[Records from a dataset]
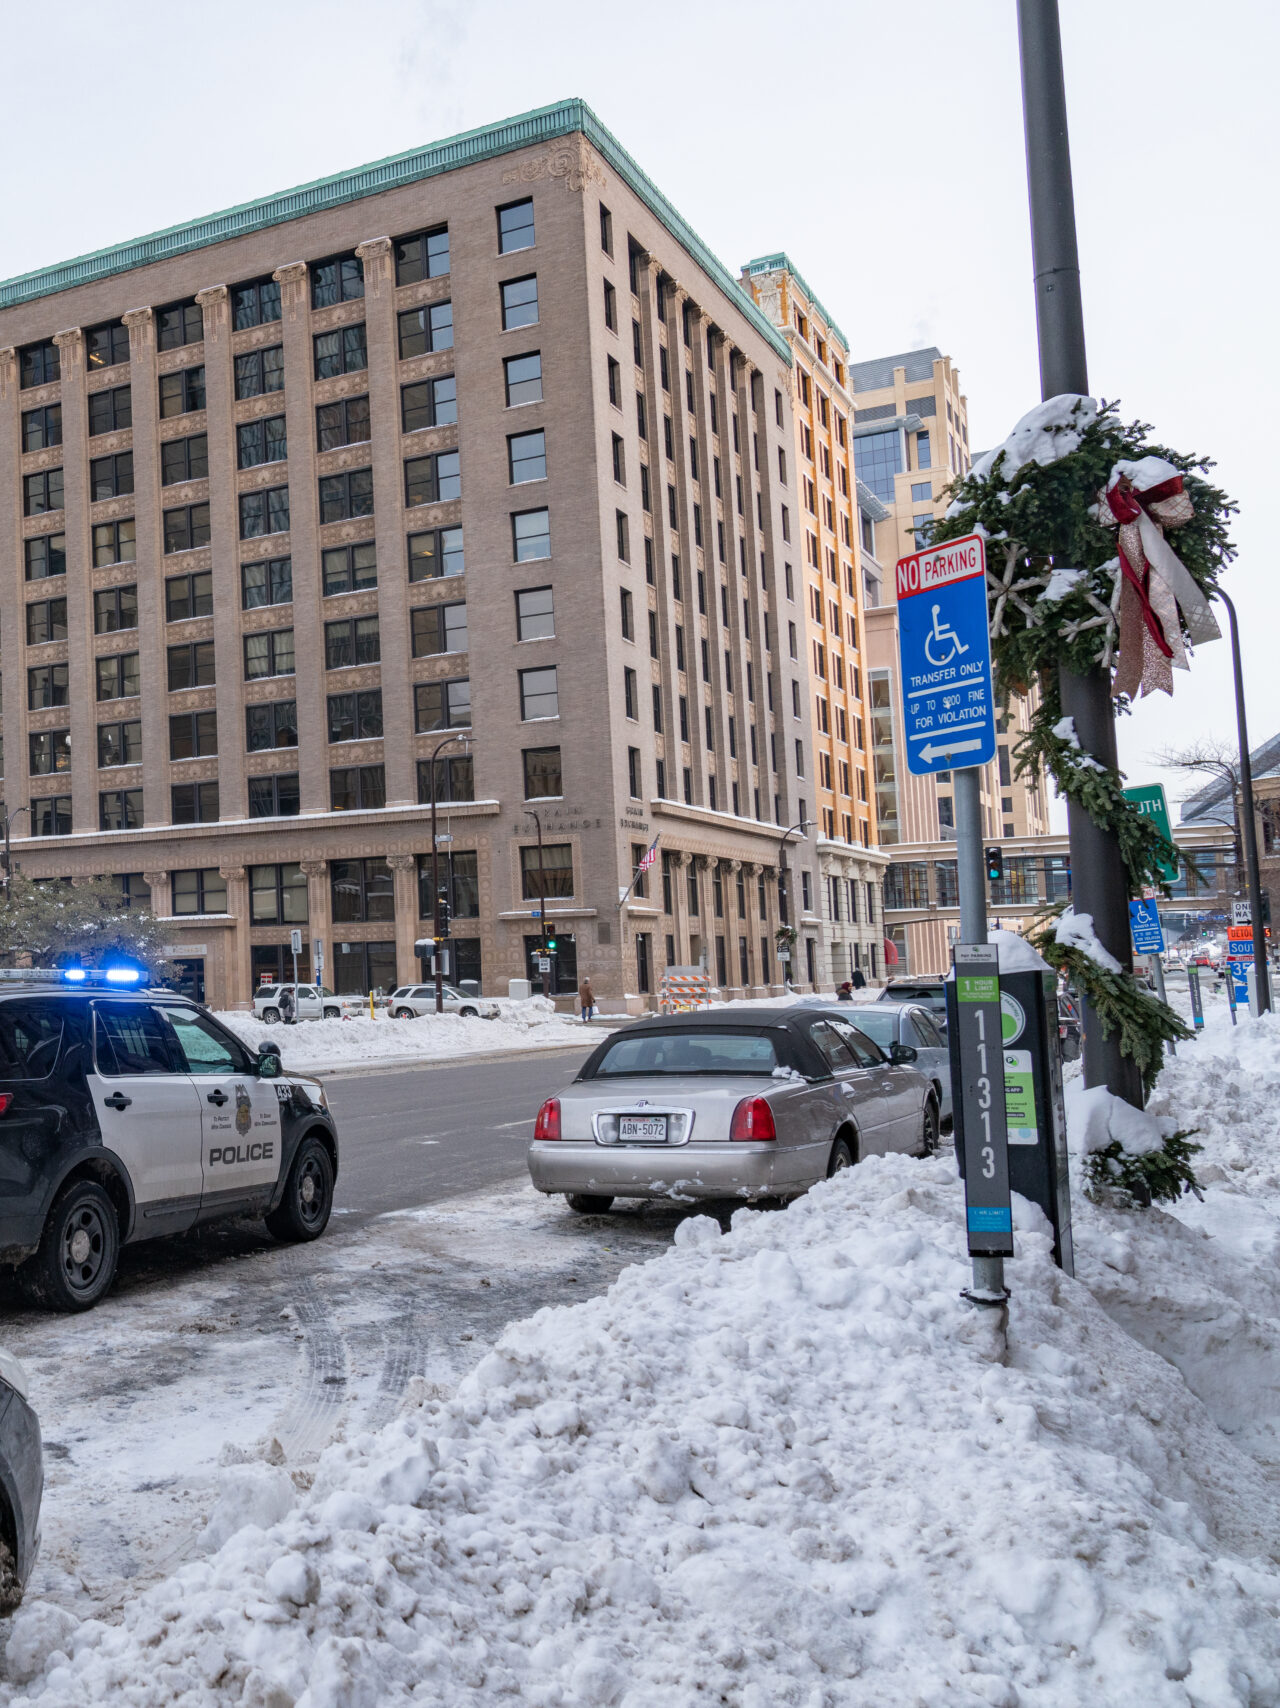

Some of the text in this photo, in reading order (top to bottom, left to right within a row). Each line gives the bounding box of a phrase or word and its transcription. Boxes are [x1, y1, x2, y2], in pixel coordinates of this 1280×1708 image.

[897, 546, 976, 594] NO PARKING
[910, 660, 984, 687] TRANSFER ONLY
[910, 703, 920, 715] UP
[926, 700, 936, 711] TO
[968, 689, 985, 702] FINE
[915, 705, 986, 729] FOR VIOLATION
[1235, 903, 1252, 911] ON
[1231, 929, 1253, 938] DETO
[1231, 943, 1254, 953] SOUT
[278, 1085, 292, 1098] 433
[974, 1009, 995, 1178] 11313
[622, 1123, 664, 1136] ABN-5072
[209, 1142, 274, 1167] POLICE

PROBLEM TO WORK ON: Transcribe every entry word for word, but omit the pictures.

ANSWER SECTION:
Some of the text in this photo, in reading order (top to bottom, left to right within a row). Each line gives the bounding box of a phrase or word and its transcription. Boxes are [x1, y1, x2, y2], in pixel coordinates of this 1280×1708 image.

[897, 546, 976, 594] NO PARKING
[910, 660, 984, 687] TRANSFER ONLY
[910, 703, 920, 715] UP
[926, 700, 936, 711] TO
[968, 689, 985, 702] FINE
[915, 705, 986, 729] FOR VIOLATION
[1235, 903, 1252, 911] ON
[1231, 929, 1253, 938] DETO
[1231, 943, 1254, 953] SOUT
[278, 1085, 292, 1098] 433
[974, 1009, 995, 1178] 11313
[622, 1123, 664, 1136] ABN-5072
[209, 1142, 274, 1167] POLICE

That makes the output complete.